Print the records below exactly, with no pictures.

§ **DATA FOR THE TASK**
================

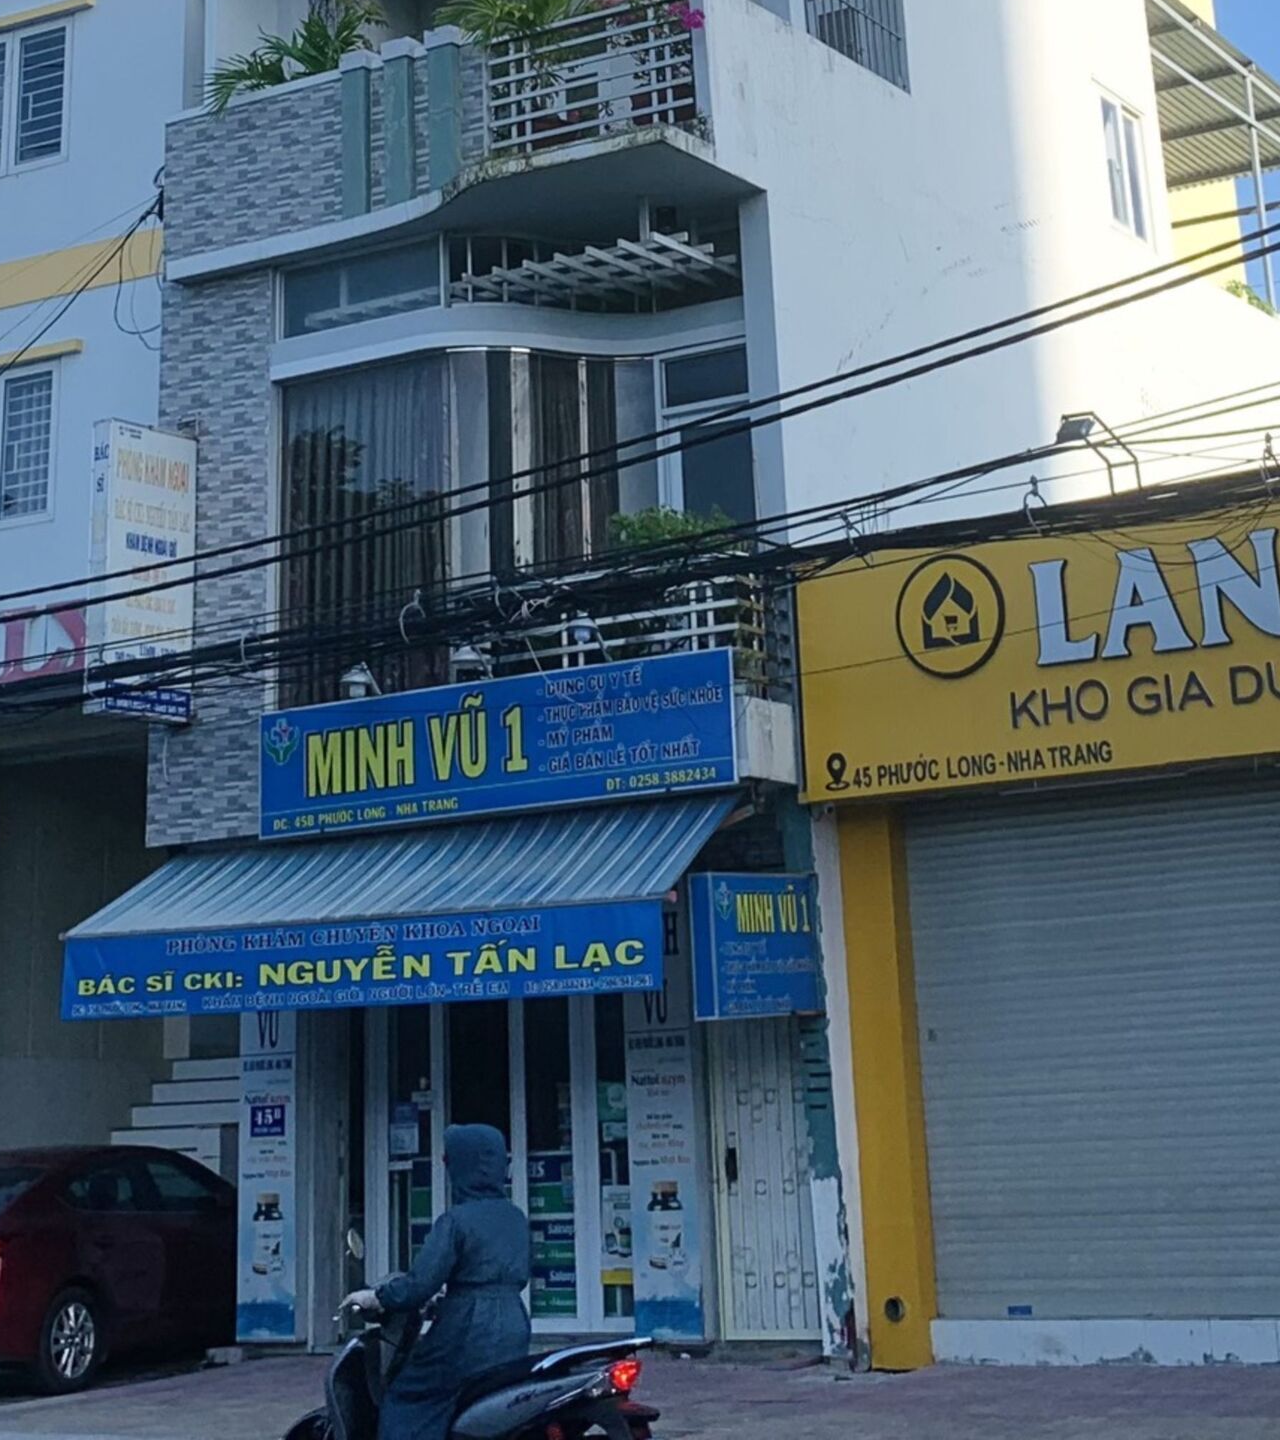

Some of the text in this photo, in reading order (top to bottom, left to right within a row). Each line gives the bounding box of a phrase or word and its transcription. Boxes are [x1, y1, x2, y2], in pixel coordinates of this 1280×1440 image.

[610, 672, 622, 688] Y
[624, 662, 645, 686] TẾ
[661, 687, 686, 708] SỨC
[1009, 679, 1110, 730] KHO
[1126, 669, 1215, 717] GIA
[304, 691, 529, 799] MINH VŨ 1
[547, 718, 614, 748] MỸ PHẨM
[548, 734, 701, 774] GIÁ BÁN LẺ TỐT NHẤT
[852, 740, 1113, 790] 45 PHƯỚC TRANG
[629, 771, 660, 788] 0258
[664, 766, 717, 784] 3882434
[294, 814, 315, 829] 45B
[357, 806, 387, 821] LONG
[396, 803, 419, 816] NHA
[422, 797, 459, 812] TRANG
[736, 884, 811, 934] MINH VŨ 1
[166, 914, 541, 956] PHÒNG KHÁM CHUYÊN KHOA NGOẠI
[77, 938, 645, 996] BÁC SĨ CKI: NGUYỄN TẤN LẠC

================

§ **ANSWER FOR THE TASK**
Some of the text in this photo, in reading order (top to bottom, left to right within a row). Each line gives the bounding box of a phrase or word and its transcription. Boxes are [x1, y1, x2, y2], in pixel coordinates of this 1280×1440 image.

[610, 672, 622, 688] Y
[624, 662, 645, 686] TẾ
[661, 687, 686, 708] SỨC
[1009, 679, 1110, 730] KHO
[1126, 669, 1215, 717] GIA
[304, 691, 529, 799] MINH VŨ 1
[547, 718, 614, 748] MỸ PHẨM
[548, 734, 701, 774] GIÁ BÁN LẺ TỐT NHẤT
[852, 740, 1113, 790] 45 PHƯỚC TRANG
[629, 771, 660, 788] 0258
[664, 766, 717, 784] 3882434
[294, 814, 315, 829] 45B
[357, 806, 387, 821] LONG
[396, 803, 419, 816] NHA
[422, 797, 459, 812] TRANG
[736, 884, 811, 934] MINH VŨ 1
[166, 914, 541, 956] PHÒNG KHÁM CHUYÊN KHOA NGOẠI
[77, 938, 645, 996] BÁC SĨ CKI: NGUYỄN TẤN LẠC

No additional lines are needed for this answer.